Collected data
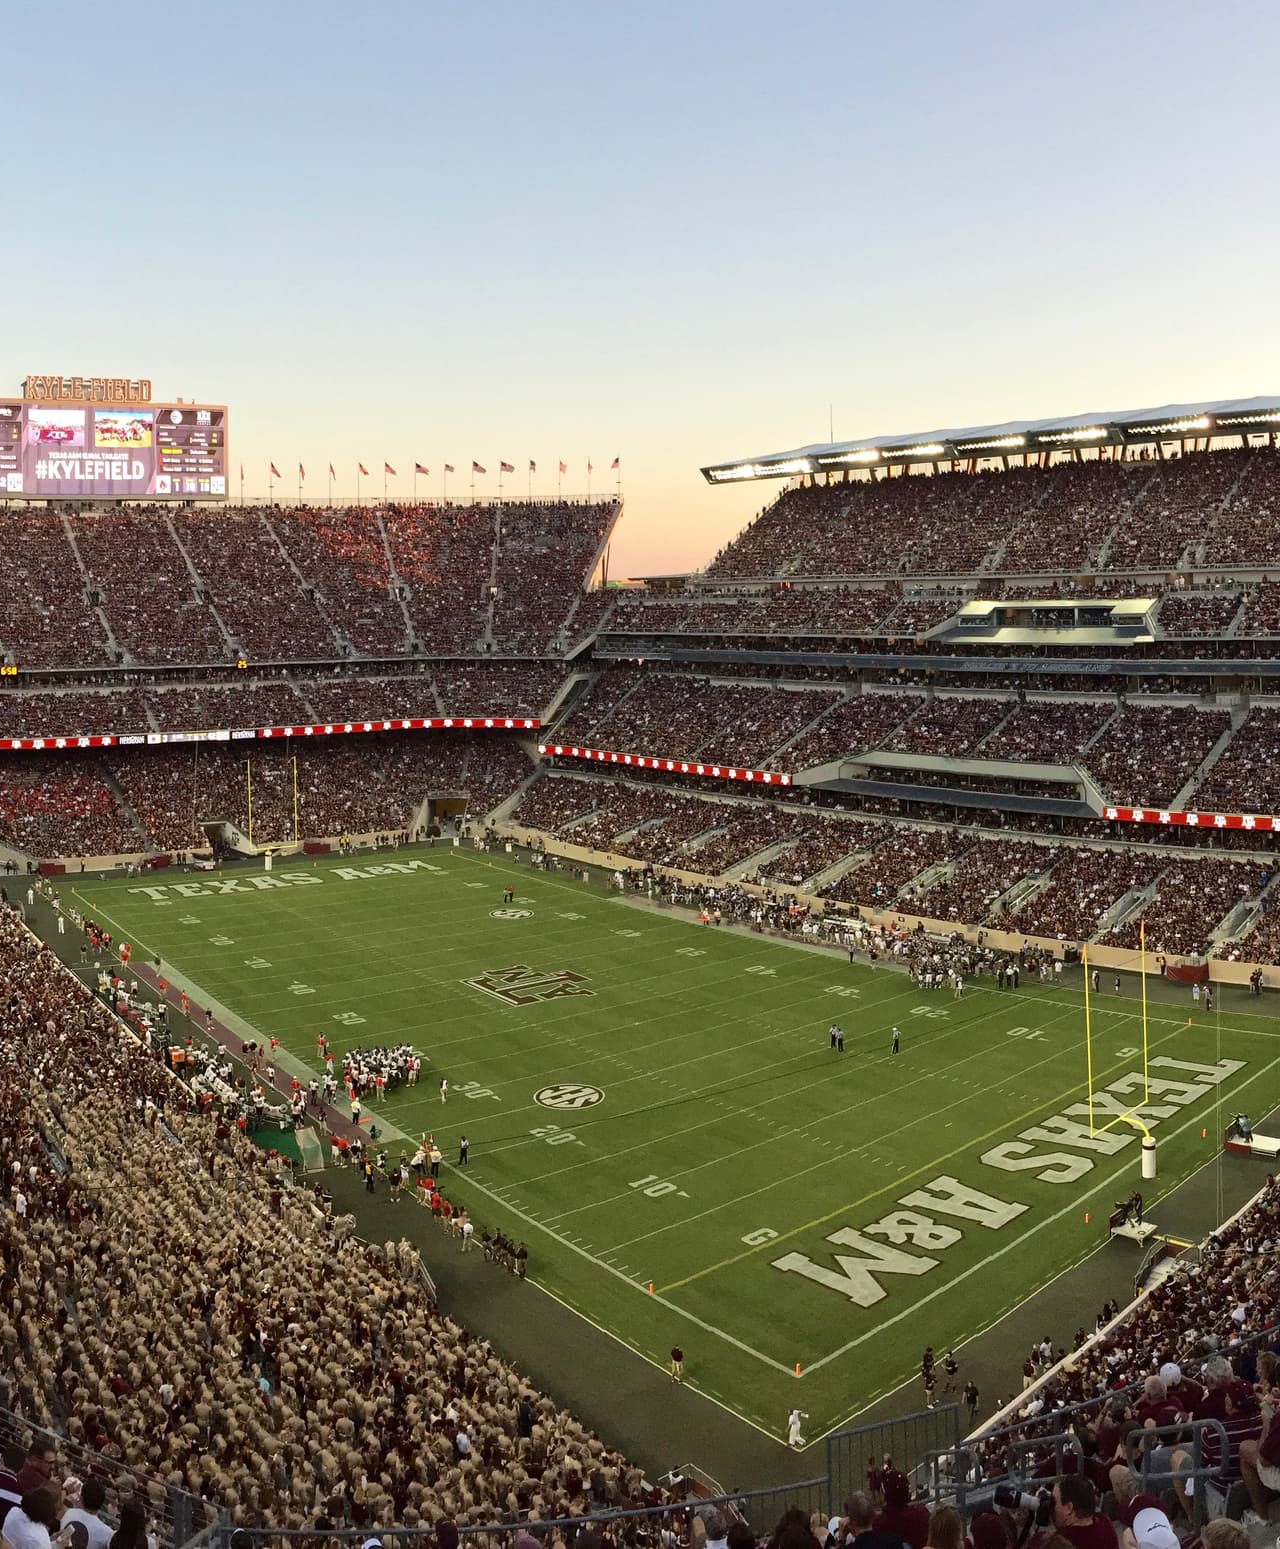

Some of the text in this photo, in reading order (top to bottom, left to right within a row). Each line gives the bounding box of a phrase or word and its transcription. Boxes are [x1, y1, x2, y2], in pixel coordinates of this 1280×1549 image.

[26, 376, 151, 402] KYLE FIELD
[35, 460, 145, 480] #KYLEFIELD
[127, 860, 442, 900] TEXAS A&M
[332, 1012, 367, 1025] 50
[453, 1081, 495, 1100] 30
[529, 1125, 577, 1145] 20
[628, 1175, 677, 1197] 10
[771, 1056, 1248, 1309] TEXAS A&M
[741, 1228, 778, 1246] G
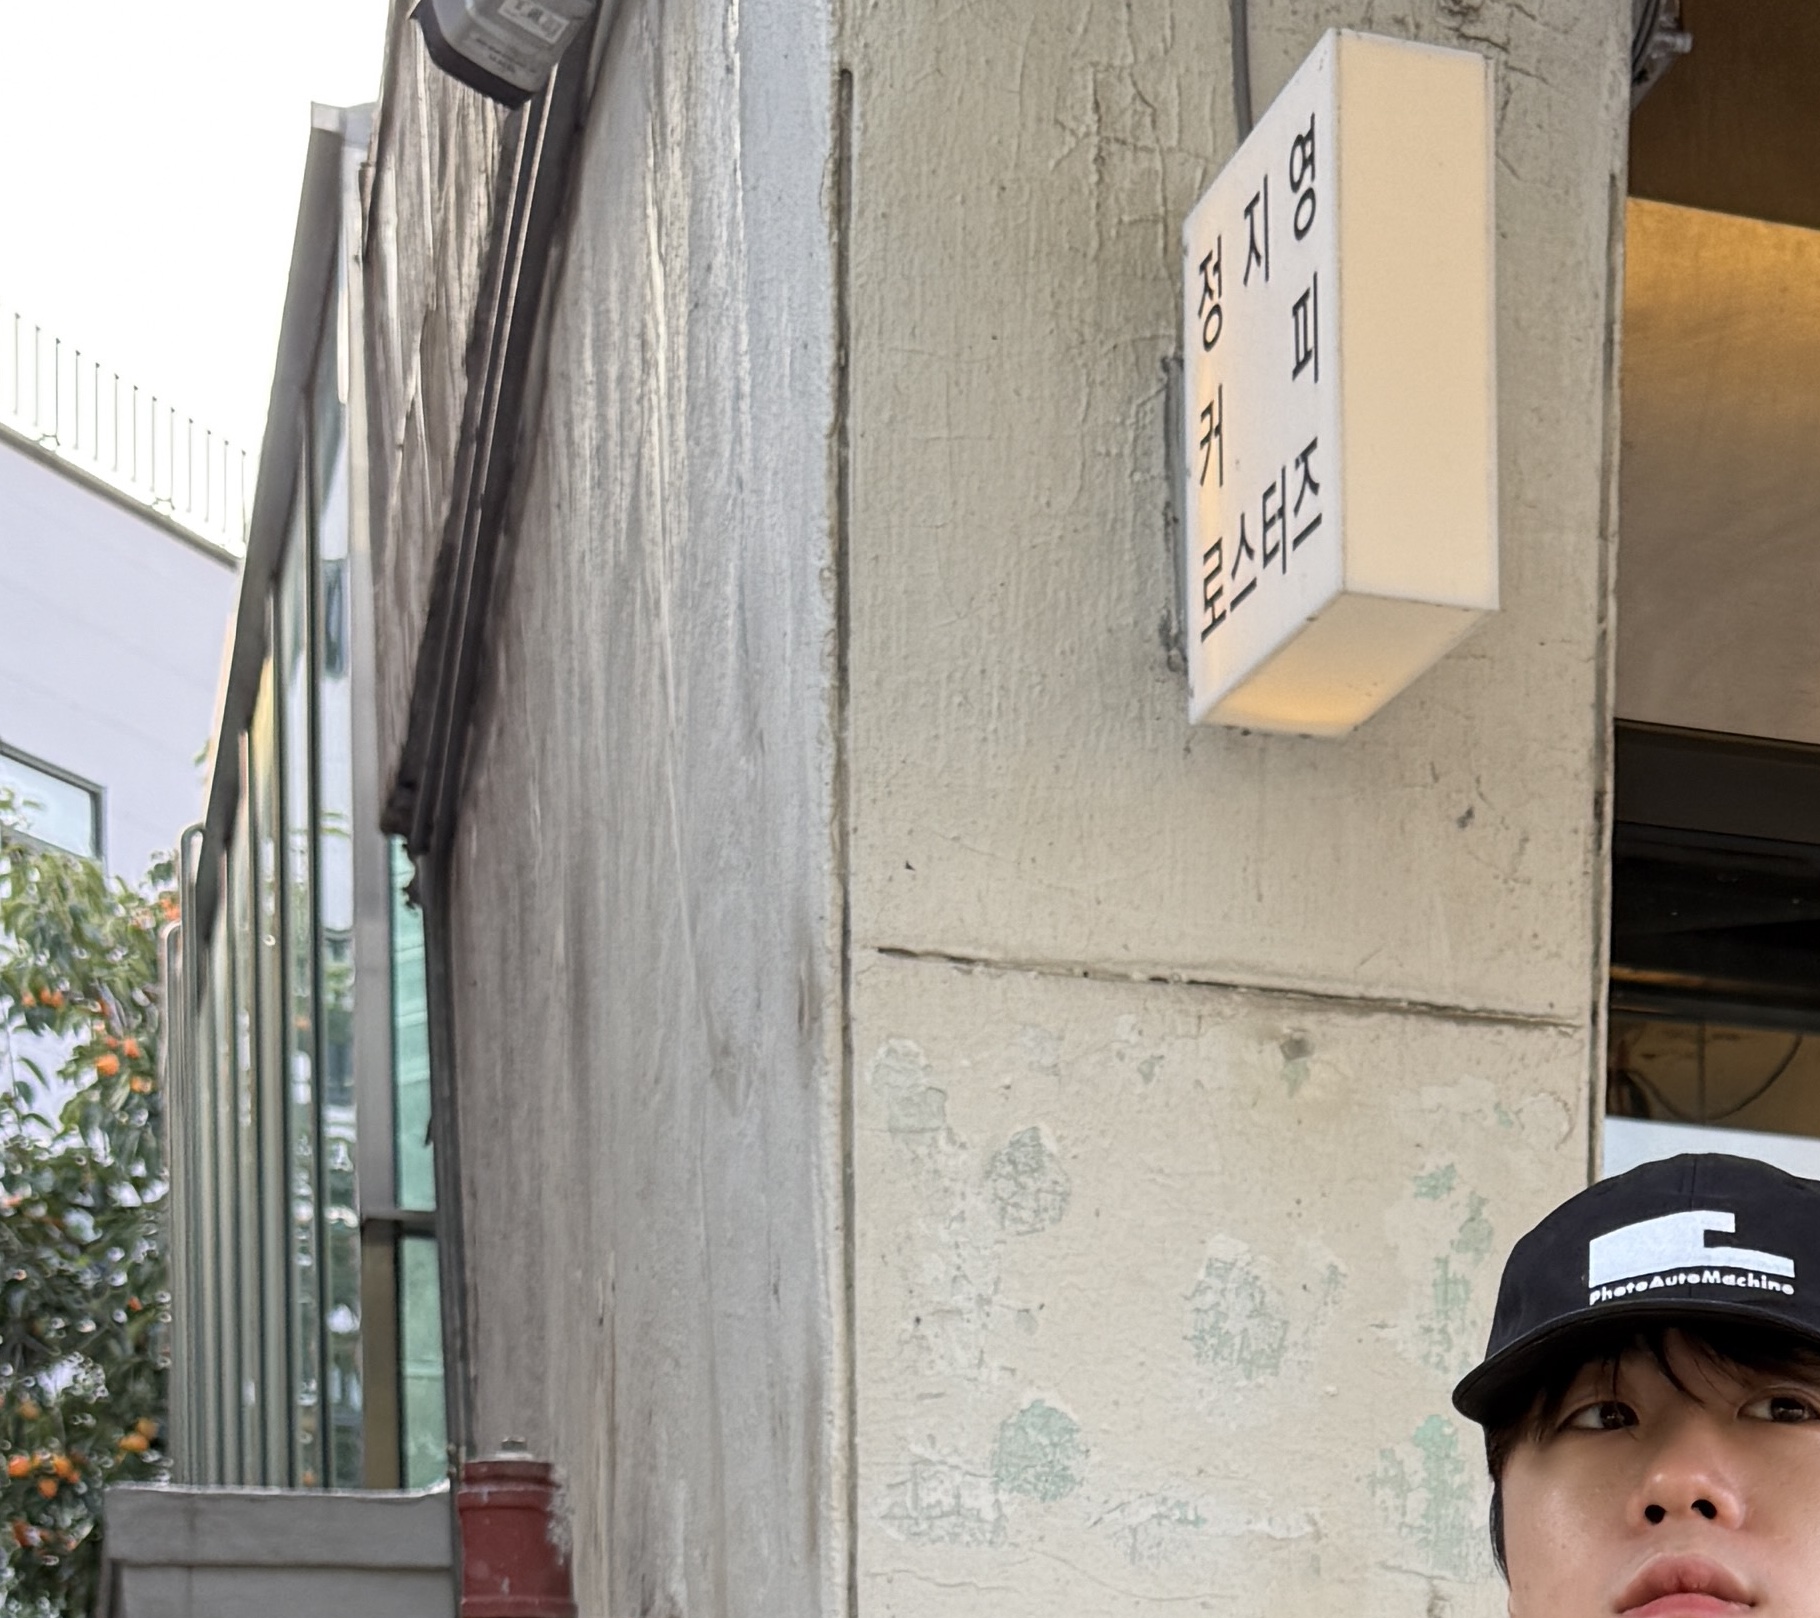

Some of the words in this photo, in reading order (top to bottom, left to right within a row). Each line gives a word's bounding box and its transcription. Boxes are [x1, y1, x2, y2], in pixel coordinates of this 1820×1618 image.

THE PROBLEM
Output the records exactly, and let none of their pictures appear in the copy.

REPLY TO THE TASK
Some of the text in this photo, in reading order (top to bottom, left to right within a row). Each line gives the bounding box of a phrase or word and its transcription. Boxes are [x1, y1, x2, y2], in pixel coordinates of this 1280×1549 image.

[26, 376, 151, 402] KYLE FIELD
[35, 460, 145, 480] #KYLEFIELD
[127, 860, 442, 900] TEXAS A&M
[332, 1012, 367, 1025] 50
[453, 1081, 495, 1100] 30
[529, 1125, 577, 1145] 20
[628, 1175, 677, 1197] 10
[771, 1056, 1248, 1309] TEXAS A&M
[741, 1228, 778, 1246] G

Some of the words in this photo, in reading order (top to bottom, left to right within a row). Each line gives a word's bounding box and its transcription. Boxes are [x1, y1, x2, y2], in pixel coordinates of this 1820×1618 image.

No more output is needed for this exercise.